## Materials provided
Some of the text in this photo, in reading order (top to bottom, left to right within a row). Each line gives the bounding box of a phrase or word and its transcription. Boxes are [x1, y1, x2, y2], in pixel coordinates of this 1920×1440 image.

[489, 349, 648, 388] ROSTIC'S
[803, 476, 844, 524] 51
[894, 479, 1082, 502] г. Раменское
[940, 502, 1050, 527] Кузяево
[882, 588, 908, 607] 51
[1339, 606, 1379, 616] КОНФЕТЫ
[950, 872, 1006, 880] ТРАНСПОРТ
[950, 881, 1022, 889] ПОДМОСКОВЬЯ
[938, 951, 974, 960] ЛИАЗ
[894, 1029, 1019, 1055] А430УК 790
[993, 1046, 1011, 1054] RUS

## Exercise details
Please set down the material above once more, word for word.

## Your response
Some of the text in this photo, in reading order (top to bottom, left to right within a row). Each line gives the bounding box of a phrase or word and its transcription. Boxes are [x1, y1, x2, y2], in pixel coordinates of this 1920×1440 image.

[489, 349, 648, 388] ROSTIC'S
[803, 476, 844, 524] 51
[894, 479, 1082, 502] г. Раменское
[940, 502, 1050, 527] Кузяево
[882, 588, 908, 607] 51
[1339, 606, 1379, 616] КОНФЕТЫ
[950, 872, 1006, 880] ТРАНСПОРТ
[950, 881, 1022, 889] ПОДМОСКОВЬЯ
[938, 951, 974, 960] ЛИАЗ
[894, 1029, 1019, 1055] А430УК 790
[993, 1046, 1011, 1054] RUS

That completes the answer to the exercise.